As of September 22, 2021, the Government of Ontario requires that patrons of certain non-essential businesses provide proof of full vaccination as a condition of access (the "Provincial Vaccination Certificate Program". This Provincial Vaccination Certificate Program focuses on higher-risk indoor public settings including restaurants and bars, meeting and event spaces, fitness facilities, gaming establishments, concert venues and sporting events (among others).
In an effort to bring clarity to the intersection between vaccination mandates and human rights, the Ontario Human Rights Commission (the "OHRC") published a policy statement on September 22, 2021 (the "Policy Statement") that provides helpful information for businesses in Ontario. While the release of this Policy Statement corresponds with the commencement of the Provincial Vaccination Certificate Program, the OHRC notes in the Policy Statement that its position applies to all organizations, which is very helpful for employers.

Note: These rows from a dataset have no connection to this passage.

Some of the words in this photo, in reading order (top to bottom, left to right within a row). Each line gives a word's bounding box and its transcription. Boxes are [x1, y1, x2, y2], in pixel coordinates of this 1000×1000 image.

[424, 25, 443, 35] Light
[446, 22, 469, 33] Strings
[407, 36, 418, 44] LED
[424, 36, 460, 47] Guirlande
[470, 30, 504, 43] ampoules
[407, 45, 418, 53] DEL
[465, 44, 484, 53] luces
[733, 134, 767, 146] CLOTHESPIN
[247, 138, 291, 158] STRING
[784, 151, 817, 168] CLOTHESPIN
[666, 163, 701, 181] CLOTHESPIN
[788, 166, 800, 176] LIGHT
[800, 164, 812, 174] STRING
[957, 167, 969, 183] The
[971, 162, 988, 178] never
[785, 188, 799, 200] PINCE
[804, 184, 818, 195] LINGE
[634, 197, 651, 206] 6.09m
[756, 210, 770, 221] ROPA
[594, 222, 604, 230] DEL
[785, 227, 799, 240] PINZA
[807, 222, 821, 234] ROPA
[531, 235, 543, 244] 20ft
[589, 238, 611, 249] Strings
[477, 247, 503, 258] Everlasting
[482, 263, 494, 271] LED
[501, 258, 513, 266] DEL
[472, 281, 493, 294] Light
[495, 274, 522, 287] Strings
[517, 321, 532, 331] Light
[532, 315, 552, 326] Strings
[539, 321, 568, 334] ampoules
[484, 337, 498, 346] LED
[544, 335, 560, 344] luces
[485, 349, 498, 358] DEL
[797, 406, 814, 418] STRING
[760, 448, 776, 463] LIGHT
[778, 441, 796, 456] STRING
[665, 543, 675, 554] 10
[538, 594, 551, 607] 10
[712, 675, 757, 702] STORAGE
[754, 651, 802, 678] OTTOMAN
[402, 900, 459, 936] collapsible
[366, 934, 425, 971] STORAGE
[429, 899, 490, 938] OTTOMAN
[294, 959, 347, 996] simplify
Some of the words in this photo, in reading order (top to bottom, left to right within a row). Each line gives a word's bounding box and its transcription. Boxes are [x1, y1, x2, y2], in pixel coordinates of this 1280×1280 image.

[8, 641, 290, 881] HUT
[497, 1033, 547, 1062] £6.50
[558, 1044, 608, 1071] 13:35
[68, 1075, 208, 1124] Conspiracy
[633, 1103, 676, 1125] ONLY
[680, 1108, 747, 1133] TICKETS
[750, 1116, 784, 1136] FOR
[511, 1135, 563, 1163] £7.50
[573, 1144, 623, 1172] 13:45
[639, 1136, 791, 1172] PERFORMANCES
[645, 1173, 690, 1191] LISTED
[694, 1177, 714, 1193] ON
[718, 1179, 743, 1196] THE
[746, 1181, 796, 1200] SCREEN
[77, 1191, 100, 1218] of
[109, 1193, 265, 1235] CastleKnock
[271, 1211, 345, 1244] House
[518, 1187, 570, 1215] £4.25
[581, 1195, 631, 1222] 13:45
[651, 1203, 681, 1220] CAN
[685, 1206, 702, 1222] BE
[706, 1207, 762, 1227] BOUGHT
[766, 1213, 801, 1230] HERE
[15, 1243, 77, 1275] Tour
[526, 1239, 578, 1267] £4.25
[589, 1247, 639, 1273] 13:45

In the Policy Statement, the OHRC takes the position that mandating and requiring proof of vaccination to protect people at work or when receiving services is generally permissible under the Human Rights Code (the "Code"), as long as safeguards are put in place to ensure that those who are unable to be vaccinated for Code-related reasons are reasonably accommodated. This corresponds with the Provincial Vaccination Certificate Program which contemplates medical exemptions for those who are unable to be vaccinated for prescribed medical reasons (see our blog here for a discussion of the Government's guidance in this regard). According to the OHRC, exempting individuals with a documented medical inability to receive the vaccine is a reasonable accommodation within the meaning of the Code.

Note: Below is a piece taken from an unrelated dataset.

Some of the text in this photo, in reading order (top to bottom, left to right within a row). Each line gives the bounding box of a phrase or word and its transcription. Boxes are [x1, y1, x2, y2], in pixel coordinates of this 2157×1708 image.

Further, the OHRC makes it clear that a person who chooses not to be vaccinated based on personal preference does not have the right to accommodation under the Code. While the Code prohibits discrimination based on creed, personal preferences or singular beliefs do not amount to a creed for the purposes of the Code.
The Policy Statement further emphasizes the following guidance and principles concerning proof of vaccine and vaccine mandate policies:
- Organizations must attempt to balance the rights of people who have not been vaccinated due to a Code-protected ground while ensuring individual and collective rights to health and safety.
- Organizations that are not covered by the Provincial Vaccination Certificate Program but that wish to mandate vaccination as a condition of entry are encouraged to use the provincial proof of vaccine certificate with written documentation showing medical inability to receive the vaccine as their way of meeting the duty to accommodate where needed.
- Organizations who put COVID-19 testing in place as part of a medical accommodation for persons who are unable to receive a vaccine for medical reasons should cover the costs of the testing as part of the duty to accommodate.
- Proof of vaccine and vaccine mandate policies might only be justifiable during a pandemic and should regularly be reviewed and updated to match the most current pandemic conditions, and to reflect up-to-date evidence and public health guidance. Policies should also include safeguards for the appropriate use and handling of personal health information.
- Ensuring access to vaccines and testing for vulnerable Ontarians is a necessary element of any vaccine mandate or proof of vaccination regime. The OHRC also stresses the need to make sure digital proof of vaccine certificates are designed to be fully accessible to adaptive technology, including for smart phone users with disabilities, in accordance with the Accessibility for Ontarians with Disabilities Act.